▸ **PROBLEM TO WORK ON**
When you reproduce the listing below, keep every entry exactly as written.

▸ **RECORD EXTRACTS**
• • • • • • •

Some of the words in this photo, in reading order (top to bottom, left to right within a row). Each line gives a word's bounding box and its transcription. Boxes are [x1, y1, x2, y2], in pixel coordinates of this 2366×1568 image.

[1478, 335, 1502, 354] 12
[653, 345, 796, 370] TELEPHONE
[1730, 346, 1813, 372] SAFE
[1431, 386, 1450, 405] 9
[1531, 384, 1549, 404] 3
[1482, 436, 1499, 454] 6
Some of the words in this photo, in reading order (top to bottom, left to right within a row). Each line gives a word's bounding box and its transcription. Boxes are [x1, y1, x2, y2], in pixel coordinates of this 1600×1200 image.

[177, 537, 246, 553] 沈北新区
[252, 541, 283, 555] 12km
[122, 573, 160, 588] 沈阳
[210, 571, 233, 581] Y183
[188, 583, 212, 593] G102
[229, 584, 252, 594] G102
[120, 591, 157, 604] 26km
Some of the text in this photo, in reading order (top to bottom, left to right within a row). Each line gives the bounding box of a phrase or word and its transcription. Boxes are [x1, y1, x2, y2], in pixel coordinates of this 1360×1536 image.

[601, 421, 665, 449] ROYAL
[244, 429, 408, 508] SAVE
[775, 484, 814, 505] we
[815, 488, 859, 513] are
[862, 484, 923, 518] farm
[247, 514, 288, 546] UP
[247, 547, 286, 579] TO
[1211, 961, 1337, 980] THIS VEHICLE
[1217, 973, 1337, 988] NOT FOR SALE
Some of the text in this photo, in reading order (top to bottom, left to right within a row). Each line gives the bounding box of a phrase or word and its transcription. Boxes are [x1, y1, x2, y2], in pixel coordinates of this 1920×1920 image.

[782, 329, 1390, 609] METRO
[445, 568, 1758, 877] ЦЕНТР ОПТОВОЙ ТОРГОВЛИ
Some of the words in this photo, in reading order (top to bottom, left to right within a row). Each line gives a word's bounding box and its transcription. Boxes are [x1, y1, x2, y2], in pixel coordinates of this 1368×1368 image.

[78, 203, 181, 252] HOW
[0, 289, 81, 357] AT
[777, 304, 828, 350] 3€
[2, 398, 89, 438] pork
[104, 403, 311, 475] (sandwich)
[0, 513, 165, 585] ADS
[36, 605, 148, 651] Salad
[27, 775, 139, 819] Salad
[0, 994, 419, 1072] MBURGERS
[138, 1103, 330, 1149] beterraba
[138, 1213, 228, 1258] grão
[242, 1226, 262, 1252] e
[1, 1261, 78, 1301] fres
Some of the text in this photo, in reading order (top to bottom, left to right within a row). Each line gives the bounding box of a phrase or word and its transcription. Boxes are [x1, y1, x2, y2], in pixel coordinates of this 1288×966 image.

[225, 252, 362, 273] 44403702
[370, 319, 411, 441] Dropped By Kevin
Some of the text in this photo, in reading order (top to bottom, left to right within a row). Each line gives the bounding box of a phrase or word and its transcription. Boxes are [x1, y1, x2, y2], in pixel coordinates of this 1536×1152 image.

• • • • • • •

▸ **OUTPUT OF THE TASK**
Some of the words in this photo, in reading order (top to bottom, left to right within a row). Each line gives a word's bounding box and its transcription. Boxes are [x1, y1, x2, y2], in pixel coordinates of this 2366×1568 image.

[1478, 335, 1502, 354] 12
[653, 345, 796, 370] TELEPHONE
[1730, 346, 1813, 372] SAFE
[1431, 386, 1450, 405] 9
[1531, 384, 1549, 404] 3
[1482, 436, 1499, 454] 6
Some of the words in this photo, in reading order (top to bottom, left to right within a row). Each line gives a word's bounding box and its transcription. Boxes are [x1, y1, x2, y2], in pixel coordinates of this 1600×1200 image.

[177, 537, 246, 553] 沈北新区
[252, 541, 283, 555] 12km
[122, 573, 160, 588] 沈阳
[210, 571, 233, 581] Y183
[188, 583, 212, 593] G102
[229, 584, 252, 594] G102
[120, 591, 157, 604] 26km
Some of the text in this photo, in reading order (top to bottom, left to right within a row). Each line gives the bounding box of a phrase or word and its transcription. Boxes are [x1, y1, x2, y2], in pixel coordinates of this 1360×1536 image.

[601, 421, 665, 449] ROYAL
[244, 429, 408, 508] SAVE
[775, 484, 814, 505] we
[815, 488, 859, 513] are
[862, 484, 923, 518] farm
[247, 514, 288, 546] UP
[247, 547, 286, 579] TO
[1211, 961, 1337, 980] THIS VEHICLE
[1217, 973, 1337, 988] NOT FOR SALE
Some of the text in this photo, in reading order (top to bottom, left to right within a row). Each line gives the bounding box of a phrase or word and its transcription. Boxes are [x1, y1, x2, y2], in pixel coordinates of this 1920×1920 image.

[782, 329, 1390, 609] METRO
[445, 568, 1758, 877] ЦЕНТР ОПТОВОЙ ТОРГОВЛИ
Some of the words in this photo, in reading order (top to bottom, left to right within a row). Each line gives a word's bounding box and its transcription. Boxes are [x1, y1, x2, y2], in pixel coordinates of this 1368×1368 image.

[78, 203, 181, 252] HOW
[0, 289, 81, 357] AT
[777, 304, 828, 350] 3€
[2, 398, 89, 438] pork
[104, 403, 311, 475] (sandwich)
[0, 513, 165, 585] ADS
[36, 605, 148, 651] Salad
[27, 775, 139, 819] Salad
[0, 994, 419, 1072] MBURGERS
[138, 1103, 330, 1149] beterraba
[138, 1213, 228, 1258] grão
[242, 1226, 262, 1252] e
[1, 1261, 78, 1301] fres
Some of the text in this photo, in reading order (top to bottom, left to right within a row). Each line gives the bounding box of a phrase or word and its transcription. Boxes are [x1, y1, x2, y2], in pixel coordinates of this 1288×966 image.

[225, 252, 362, 273] 44403702
[370, 319, 411, 441] Dropped By Kevin
Some of the text in this photo, in reading order (top to bottom, left to right within a row). Each line gives the bounding box of a phrase or word and its transcription. Boxes are [x1, y1, x2, y2], in pixel coordinates of this 1536×1152 image.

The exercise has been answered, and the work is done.